DESCRIPTION OF THE TASK
Please write out the complete listing that follows, exactly as it reads.

DATASET EXTRACT
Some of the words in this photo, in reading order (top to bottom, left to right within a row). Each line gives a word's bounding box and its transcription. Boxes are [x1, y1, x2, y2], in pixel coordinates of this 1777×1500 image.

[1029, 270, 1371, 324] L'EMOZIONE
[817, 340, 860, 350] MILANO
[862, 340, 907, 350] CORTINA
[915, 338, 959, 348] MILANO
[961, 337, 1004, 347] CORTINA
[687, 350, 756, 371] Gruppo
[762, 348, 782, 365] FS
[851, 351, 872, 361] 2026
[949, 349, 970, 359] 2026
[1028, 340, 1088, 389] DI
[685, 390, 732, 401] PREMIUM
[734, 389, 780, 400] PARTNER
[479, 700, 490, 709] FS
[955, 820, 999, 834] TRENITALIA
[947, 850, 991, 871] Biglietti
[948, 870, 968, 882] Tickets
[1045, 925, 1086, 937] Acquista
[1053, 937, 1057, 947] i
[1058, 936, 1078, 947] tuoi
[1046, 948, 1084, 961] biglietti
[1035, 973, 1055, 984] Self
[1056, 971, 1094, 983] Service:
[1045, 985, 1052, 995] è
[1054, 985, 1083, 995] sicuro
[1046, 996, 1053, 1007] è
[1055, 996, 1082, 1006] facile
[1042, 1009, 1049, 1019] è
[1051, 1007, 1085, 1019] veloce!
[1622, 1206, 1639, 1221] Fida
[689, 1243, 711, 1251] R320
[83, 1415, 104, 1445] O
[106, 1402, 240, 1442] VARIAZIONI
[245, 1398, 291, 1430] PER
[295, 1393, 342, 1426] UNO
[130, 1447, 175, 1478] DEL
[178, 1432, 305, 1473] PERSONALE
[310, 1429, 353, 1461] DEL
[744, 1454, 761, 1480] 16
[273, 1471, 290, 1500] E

WRITTEN REPLY
Some of the words in this photo, in reading order (top to bottom, left to right within a row). Each line gives a word's bounding box and its transcription. Boxes are [x1, y1, x2, y2], in pixel coordinates of this 1777×1500 image.

[1029, 270, 1371, 324] L'EMOZIONE
[817, 340, 860, 350] MILANO
[862, 340, 907, 350] CORTINA
[915, 338, 959, 348] MILANO
[961, 337, 1004, 347] CORTINA
[687, 350, 756, 371] Gruppo
[762, 348, 782, 365] FS
[851, 351, 872, 361] 2026
[949, 349, 970, 359] 2026
[1028, 340, 1088, 389] DI
[685, 390, 732, 401] PREMIUM
[734, 389, 780, 400] PARTNER
[479, 700, 490, 709] FS
[955, 820, 999, 834] TRENITALIA
[947, 850, 991, 871] Biglietti
[948, 870, 968, 882] Tickets
[1045, 925, 1086, 937] Acquista
[1053, 937, 1057, 947] i
[1058, 936, 1078, 947] tuoi
[1046, 948, 1084, 961] biglietti
[1035, 973, 1055, 984] Self
[1056, 971, 1094, 983] Service:
[1045, 985, 1052, 995] è
[1054, 985, 1083, 995] sicuro
[1046, 996, 1053, 1007] è
[1055, 996, 1082, 1006] facile
[1042, 1009, 1049, 1019] è
[1051, 1007, 1085, 1019] veloce!
[1622, 1206, 1639, 1221] Fida
[689, 1243, 711, 1251] R320
[83, 1415, 104, 1445] O
[106, 1402, 240, 1442] VARIAZIONI
[245, 1398, 291, 1430] PER
[295, 1393, 342, 1426] UNO
[130, 1447, 175, 1478] DEL
[178, 1432, 305, 1473] PERSONALE
[310, 1429, 353, 1461] DEL
[744, 1454, 761, 1480] 16
[273, 1471, 290, 1500] E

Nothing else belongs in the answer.